19 人中、14人の方が、「このレビューが参考になった」と投票しています。
5つ星のうち 5.0
さすが杉井光!,
By うさぎ犬 (東京都) - レビューをすべて見る
レビュー対象商品: すべての愛がゆるされる島 (メディアワークス文庫) (文庫)
このライトノベルがすごい2010で15位以内に入った『さよならピアノソナタ』や『神様のメモ帳』の作者・杉井光が贈る、狂おしく痛ましい愛の物語。ライトノベルの枠を飛び出して、堂々の発売です。一般小説しか読まない人にも自信を持ってオススメできる作品だと思う。 この作品は詳細に物語の中身を用いて感想を書いてはいけない気がするので感想だけにしたいと思います。 この物語は、すべての愛がゆるされると言われる島に訪れたカップルたちの物語です。 鬱々として、どこか不安定さも感じられる空気が序盤から流れていたけれど、最後には素晴らしい読了感で満たしてくれるところは流石杉井光だ、と言いたい。それほどまでに読了感が素晴らしい。 この物語には複数のカップルが登場するのだけれど、それぞれの物語が交錯し、最後にひとつに繋がる流れは本当に素晴らしかった。 読みながら、結末や登場する教会の謎について予想を何となく立てることは出来るんだけど(実際自分も教会の謎については当たってたし、結末も4〜5割は当たってた)、その予想を超えた結末に持っていってくれた。 ぜひ一度手にとって読んでほしい作品です。価格も手を出しやすいし、ページ数も200ページ弱なので取っつきやすいかと。また、一般小説に近い文章になっていて対象とする年齢層もライトノベルと比べて上がった感じがするので、社会人の人も十分に楽しめると思う。

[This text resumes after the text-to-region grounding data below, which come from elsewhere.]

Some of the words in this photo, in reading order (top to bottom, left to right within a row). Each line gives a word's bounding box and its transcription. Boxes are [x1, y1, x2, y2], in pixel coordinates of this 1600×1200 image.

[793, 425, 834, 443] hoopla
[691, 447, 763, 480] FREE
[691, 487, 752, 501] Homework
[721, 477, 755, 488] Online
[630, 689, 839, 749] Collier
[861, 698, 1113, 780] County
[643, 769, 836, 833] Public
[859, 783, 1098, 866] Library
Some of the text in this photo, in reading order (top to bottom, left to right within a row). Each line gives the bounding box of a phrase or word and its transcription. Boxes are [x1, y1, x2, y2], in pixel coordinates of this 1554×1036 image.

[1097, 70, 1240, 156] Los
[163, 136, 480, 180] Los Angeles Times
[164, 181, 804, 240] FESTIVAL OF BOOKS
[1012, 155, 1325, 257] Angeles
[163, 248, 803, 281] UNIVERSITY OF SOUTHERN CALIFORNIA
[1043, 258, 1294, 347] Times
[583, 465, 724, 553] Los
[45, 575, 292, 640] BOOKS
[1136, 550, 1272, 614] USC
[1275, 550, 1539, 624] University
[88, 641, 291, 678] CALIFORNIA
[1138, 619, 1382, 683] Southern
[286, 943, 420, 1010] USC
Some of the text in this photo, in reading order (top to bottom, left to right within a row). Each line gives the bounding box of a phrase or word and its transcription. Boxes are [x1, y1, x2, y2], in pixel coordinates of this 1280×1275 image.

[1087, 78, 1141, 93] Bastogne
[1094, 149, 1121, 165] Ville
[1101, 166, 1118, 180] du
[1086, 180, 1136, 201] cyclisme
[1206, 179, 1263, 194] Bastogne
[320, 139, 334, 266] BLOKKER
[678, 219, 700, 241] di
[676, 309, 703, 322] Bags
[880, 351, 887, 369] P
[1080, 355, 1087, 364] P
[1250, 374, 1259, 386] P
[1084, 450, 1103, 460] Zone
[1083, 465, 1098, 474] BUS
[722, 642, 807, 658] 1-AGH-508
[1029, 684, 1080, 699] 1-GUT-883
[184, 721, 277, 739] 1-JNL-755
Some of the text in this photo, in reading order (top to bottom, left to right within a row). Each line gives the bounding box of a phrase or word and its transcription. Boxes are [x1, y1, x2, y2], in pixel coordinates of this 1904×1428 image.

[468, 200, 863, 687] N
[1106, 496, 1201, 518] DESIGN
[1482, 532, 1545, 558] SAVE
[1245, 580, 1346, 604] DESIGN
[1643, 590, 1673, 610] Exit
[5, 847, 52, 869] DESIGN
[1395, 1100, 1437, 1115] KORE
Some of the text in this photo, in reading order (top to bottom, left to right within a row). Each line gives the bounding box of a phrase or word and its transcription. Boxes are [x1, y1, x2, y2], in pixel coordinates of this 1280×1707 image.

1 人中、1人の方が、「このレビューが参考になった」と投票しています。
5つ星のうち 4.0
色々考えさせられます,
By カラ - レビューをすべて見る
レビュー対象商品: すべての愛がゆるされる島 (メディアワークス文庫) (文庫)
タイトルと『狂おしく痛ましい愛の物語』というキャッチコピー につられて購入しました。先の方のレビューをみて関係性のない色んなカップルが多数出てくるのかと勘違いをしてしまったのですが、実際は2組のカップルメインで、とても関係性が深いです。 読後感がよいというレビューを見ました。捉え方は様々でしょうが、自分的には虚しさが残り破綻的に感じました。 しかし読んだら引き付けられます。結末がどうなるかハラハラします。 この物語の終わりとして結末は最良だったのではと思いますが、私は最後何ともいえないもどかしさが残ったので星4つです。